英雄は日本に転移した

ゆずリンゴ

住めば都

『これで長年続いた因縁も終わりだ!魔王リロー!』


男の持つ剣が巨体を貫く。


『グッ、小賢しい人間め!だが……お前だけでも道ずれにしてやろう……勇者ビリクト。

強制転移魔法スペスリウムシャフル!』


『な、何をした!?』


『これでお前は私と共にこの世界を外れた地へと迷い込む!そこは地獄か、冥界か、人間では生きることもままならぬ地か。永遠の苦しみにお前も堕ちるのだ!勇者ビリクト!グハハハハ!』

『身体が消えて……』

『ビリクト、待って!私を置いて行かないで!』

『アリシア……大丈夫だ、また逢え―――』



「……夢、か。なんでだろうな、ここ最近あっちの世界にいた頃の夢をよく見る」


カーテンの隙間から差し込む光で目覚めると俺はそう呟く。

勇者ビリクトとして生き、憎き魔王リローを倒したあの日からもう10年も経つというのに未だに夢に見るのは……きっと、あちらの世界に残してしまった……大切な存在のせいだ。


あっちの世界で過ごした日々は未だに忘れられないし、この世界へと訪れる元凶になったあの日の出来事は記憶に焼き付いている。

魔王リローが最後に放った技によって……地球という星にある日本へと飛ばされたあの日の事は特にだ。


ヤツの放った最後の技は恐ろしいものだった。

実際にヤツが言ったような地獄だとか、生きることもままならない地へと飛ばされた訳ではない。だが、運が悪ければヤツの言う通りになって死んでいた可能性もあるのだから。


まぁ、実際に飛ばされたのは元いた世界であるドルティナよりも平和な世界で……住むところ、食べるところに命をかける必要は無いし、人は親切で文明も異次元に進んでいる。

更に辺りにいる動物は魔獣より可愛いくて弱いときた。

俺たちがあの世界で求めてきた物が、こっちの世界では最初からあった。


この世界の言葉に、『住めば都』ということわざがあるが……こわとわざの通り日本という国に俺にとってすっかりと住み慣れ居心地のいい場所へと変わってしまった。

もし、元の世界へと戻れると聞いても素直に喜べない程までに俺はこの世界に……


正直、こんな自分が憎い。

だって俺は、あの世界に1番大切な仲間達を残してしまったのだから。


王国騎士団の団長であり最年長、頼りがいのあったブレスト。

それこそ最初は「こんな小僧に任せるなんて〜」なんてのが口癖だから印象は悪かったな。でも今では魔王を倒すために人一倍努力してきた彼だからこその言葉だ。
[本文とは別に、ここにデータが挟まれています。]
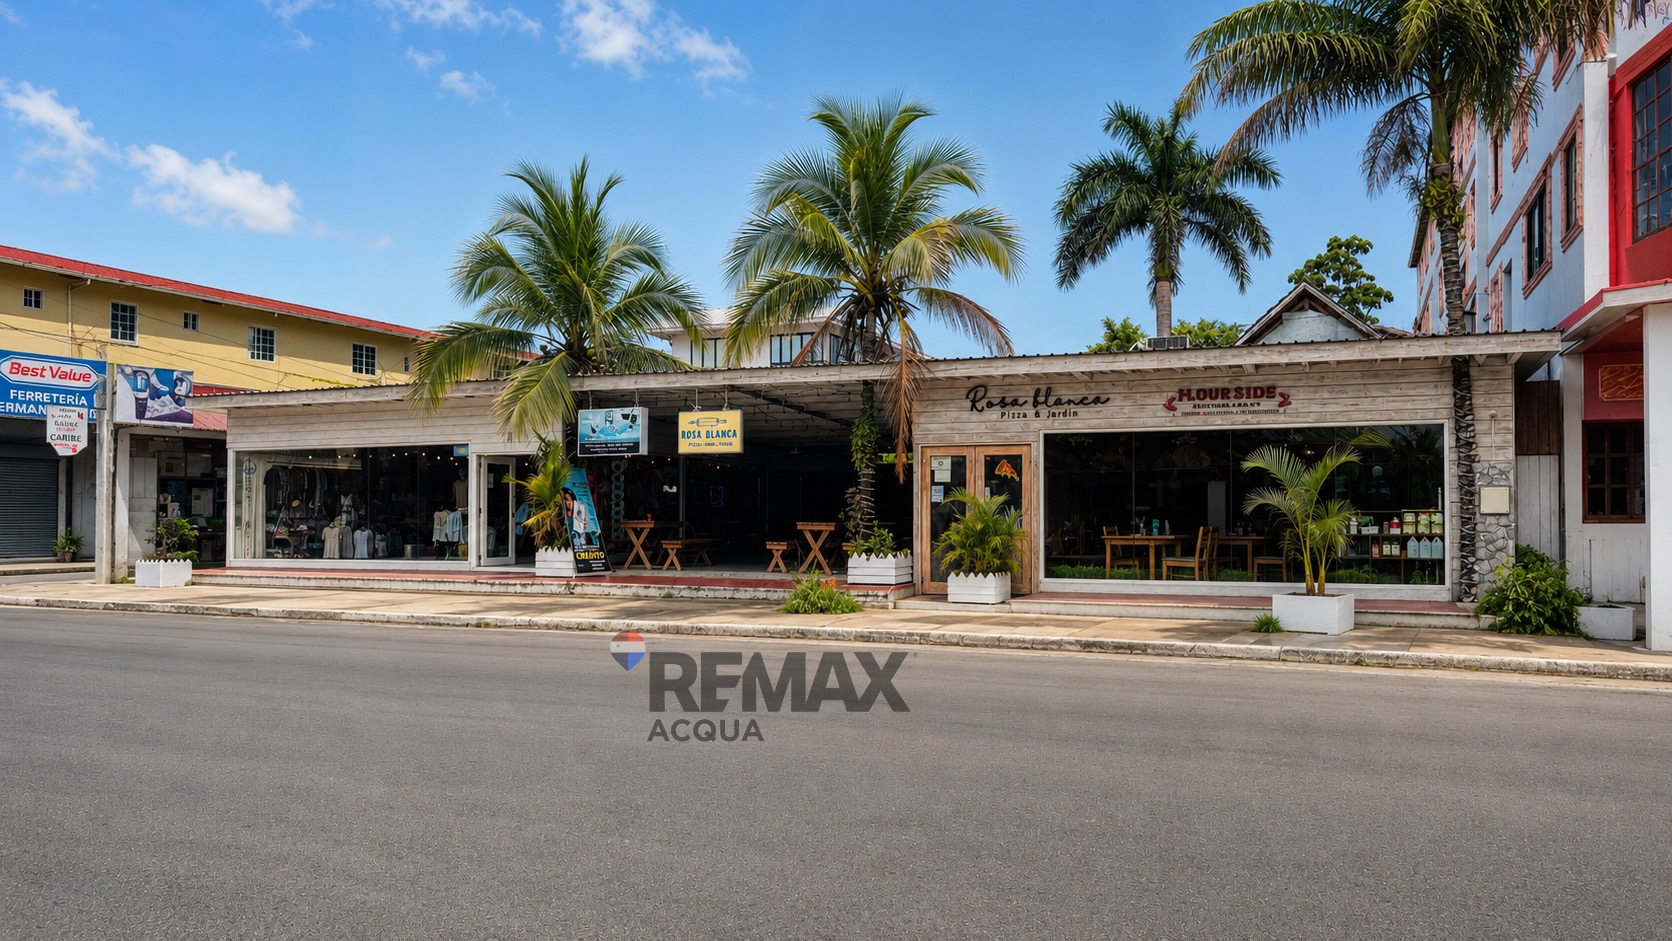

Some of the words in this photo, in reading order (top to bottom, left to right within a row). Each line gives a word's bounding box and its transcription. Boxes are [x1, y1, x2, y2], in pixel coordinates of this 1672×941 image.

[9, 361, 47, 378] Best
[49, 365, 92, 382] Value
[10, 389, 88, 406] FERRETERÍA
[965, 385, 1028, 413] Rosa
[0, 402, 47, 415] ERMAN
[1000, 410, 1028, 419] Pizza
[681, 430, 702, 439] ROSA
[705, 429, 738, 439] BLANCA
最初に鍛えてくれたのは彼だし、彼が居なければ俺の旅は野宿中に襲ってくる魔物の手で終わっていたかもしれない。

途中から呼び名が勇者に変わった時は嬉しかった。

今は王国騎士団に戻ったのか、それとも旅を続けながら魔獣の脅威から救ってるのか。


野生児でありながら武道家のミーニャ。

出会った頃のインパクトは1番強かったな。

森でさまよっていたら同い年くらいの布1枚の女の子が襲ってくるだなんて……

育て親であるキングオラウ直伝の武術は動きが読めなくて厄介だったなぁ。

でも、それ故に味方になってからは頼もしくて。

それに彼女の野生の勘はトラップまみれの遺跡や魔王城で輝いていたな。

立ったまま寝る癖とウォーグル食い……この世界で言う犬食いはまだ治ってなのかな。


女たらしで吟遊詩人のミリアーテ。

旅の道中で何回も出会してはその度に美しい音色で旅の疲れを癒してくれて……でもいつの間にかパーティメンバーとして当たり前のようにいつも一緒ににいるようになった。

ブレストとは相性が悪かったし、アリシアに擦り寄るし……ミーニャにはよく引っ掻かれていたけど、ムードメーカーで旅に必要な存在だったとは思う。


―――そして幼なじみで、ずっと一緒にいたアリシア。

本当は怖がりの癖して、勇者として選ばれた俺を心配してついてきて……最後には恐怖の象徴である魔王にすら立ち向かった、俺の大好きな人。

俺が消えたあの世界でアリシアはどうしているのか。

……俺を探しているのだろうか。

いや、アリシアは強いから、それよりも残った魔獣を倒したりしてるんだろうな。



……なんて想像してるけど、過去に縋ってないでいい加減俺も進むべきだよな。

10年も経てばアリシアも俺以外に気になった男の人とかできててもおかしくは無いわけで。

むしろ、アリシアの幸せを考えるなら他の男と結ばれることを願うべき、か。

俺が残してしまった『また逢える』という言葉は……きっと叶わないのだから。